Thanks Bob. I'll check it out.
I had a minor in physics (technically a double minor - physics and bourbon) and would need to know the coefficient of air resistance to determine the time for the trains to meet the fly...
Not that I care about flies.
I also wonder how the number of years (15) was picked in the tax problem. Did it have to do with George's Level 15? My clients would have a colossal disadvantage - I'm only Level 4.
(A never-announced Lacerte community rule: After you marked a response as the solution, the comments that followed are game.)
Joking aside, my 2 cents:
For the 3-year installment sale idea to fly (nothing to do with the aforementioned fly), I would need to see three cancelled checked from the Seller to the Buyer, and three (each of equal amount to the purported installment amounts) from Buyer to Seller for the so-called (refinancing) loans. Otherwise, substance-over-form rules and the installment sale is really for15 years.
Even if my clients had the cancelled checks, I would still need to consider whether the deal could be collapsible transactions.
But then, why would the IRS care? The tax payments for the sale transaction were accelerated. Which brings me to my curiosity as to why pay the tax in three when you could pay in 15 years? Because the capital gain rate may go up? On the flip side of that, even today, a dollar definitely feels like it's worth a lot less than a dollar last year.... But then, it's me.
I have no idea why he was aiming for 3 years instead of 15 other than that everyone involved in this transaction (2 attorneys and a CPA) thought this was a good idea.
I see those all the time for real-estate deals: The payments are based on 15-year amortization, but there is a balloon payment requiring the balance to be paid sooner. Only difference here is that there are three balloons. But since when can intangibles, inventory, assorted personal property, whatever else is involved with this business (we don't know, do we?) be reported as an instalment sale? I see it as all taxable in the first year, unless shown otherwise.
To determine whether any of the gain on the sale of the business can be reported on the installment method, you must allocate the total selling price and the payments received in the year of sale between each of the following classes of assets.
Assets sold at a loss.
Real and personal property eligible for the installment method.

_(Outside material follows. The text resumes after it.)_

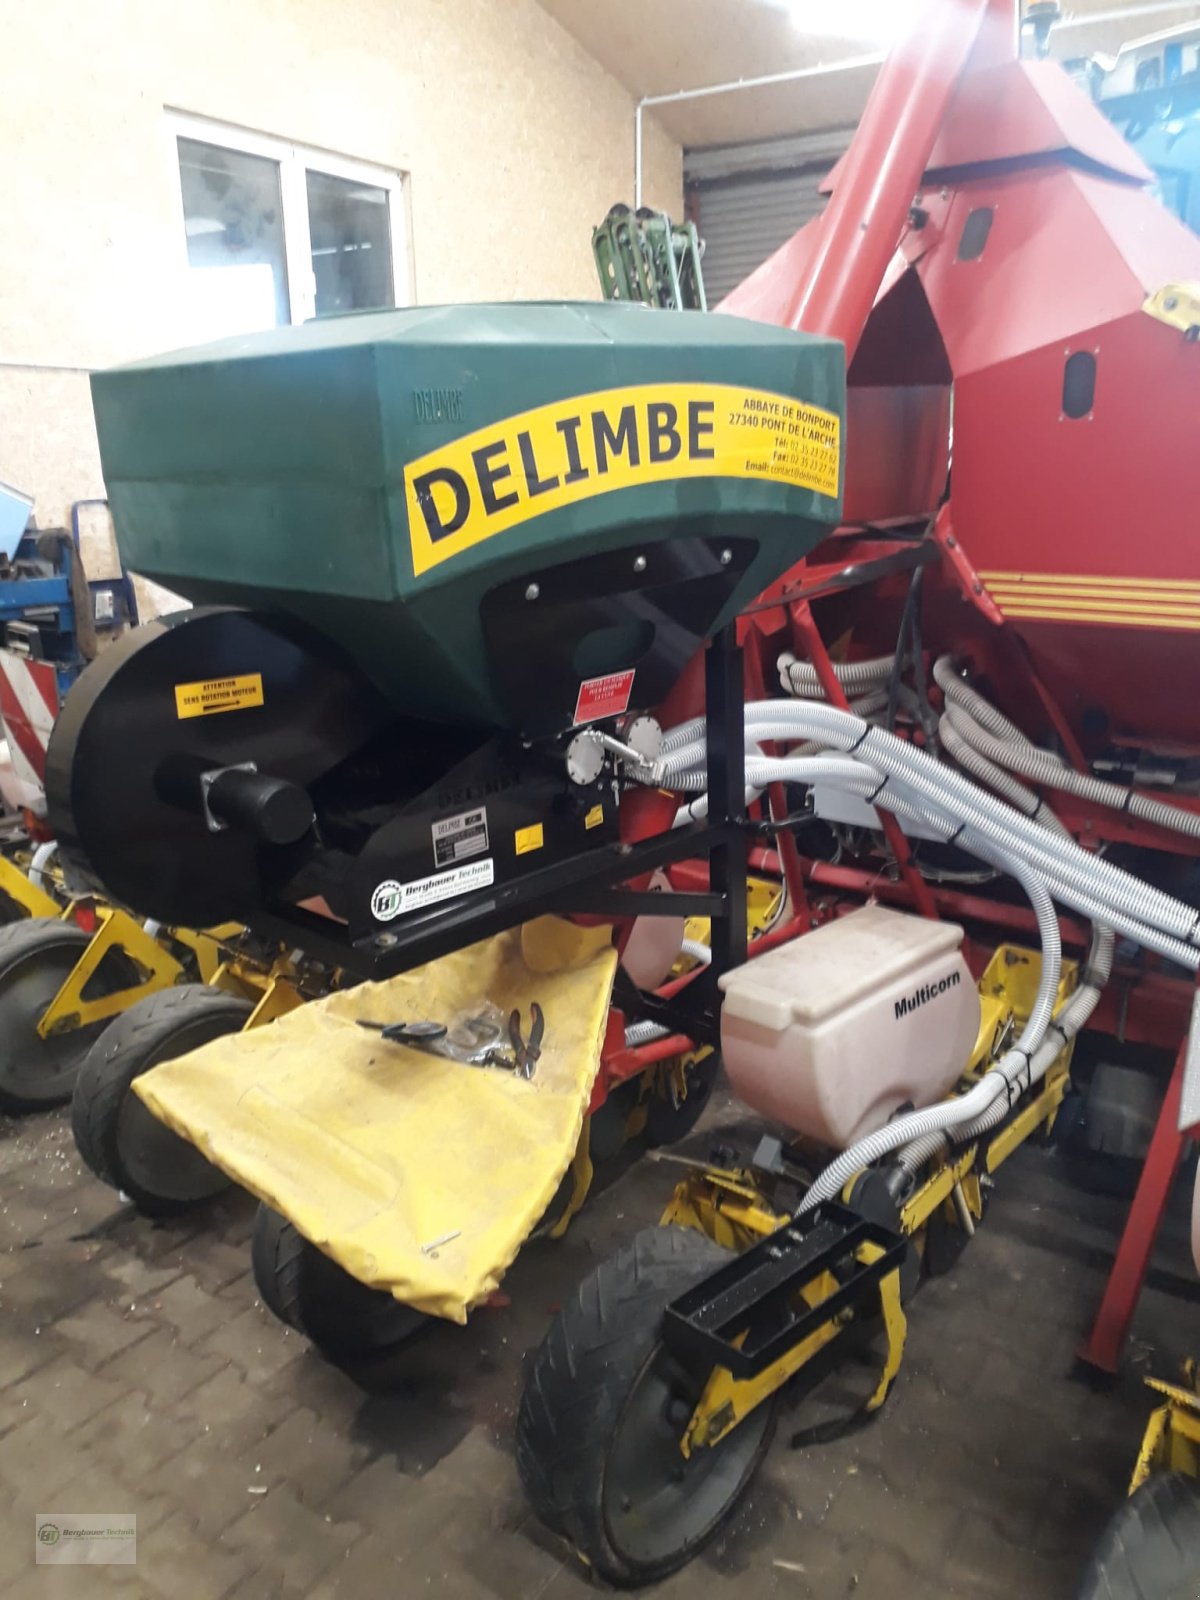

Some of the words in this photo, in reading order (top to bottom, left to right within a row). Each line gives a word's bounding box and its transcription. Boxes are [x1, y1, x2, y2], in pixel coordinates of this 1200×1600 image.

Real and personal property ineligible for the installment method, including:
Inventory,
Dealer property, and
Stocks and securities.
https://www.irs.gov/publications/p537#en_US_2020_publink1000221691
It is a law firm.
Selling price consists of:
Tangible personal property (furniture, equipment) $10,000
Intangible personal property/Goodwill $420,000
Work in Progress $170,000
Joshua was a simple dog. He ate, pooped, ran, retrieved and barked... in his simple ways.
When he barks here, he does it based on the info as posted, at its face value.
If you told me it was an installment sale, I would talk about the issues relevant to installment sales, that I could think of.
If you told me the IRS disallowed the Recovery Rebate Credit, I wouldn't question whether you knew how to compute the correct amount. I would take your statement (that you didn't know why the IRS disallowed it) at the face value, and give you the benefit of the doubt that you KNOW what you knew the correct amount.
If you told me your client had checked the EIP payments, I wouldn't ask you how they did it - I would approach it as if they KNEW how to check it, and had the correct amount.
That is, until your info gave me a clue that the info couldn't be taken at its face value, or your were stepping into some Joshua do-do.
That said, your other points are well taken.
To me, it was possible that the deal was fully eligible for installment sale - e.g. 100% was for good will/client list. I have handled it several times in my career.
Oh, boy. I do miss my dog.
Regarding:
"I see those all the time for real-estate deals: The payments are based on 15-year amortization, but there is a balloon payment requiring the balance to be paid sooner. Only difference here is that there are three balloons. "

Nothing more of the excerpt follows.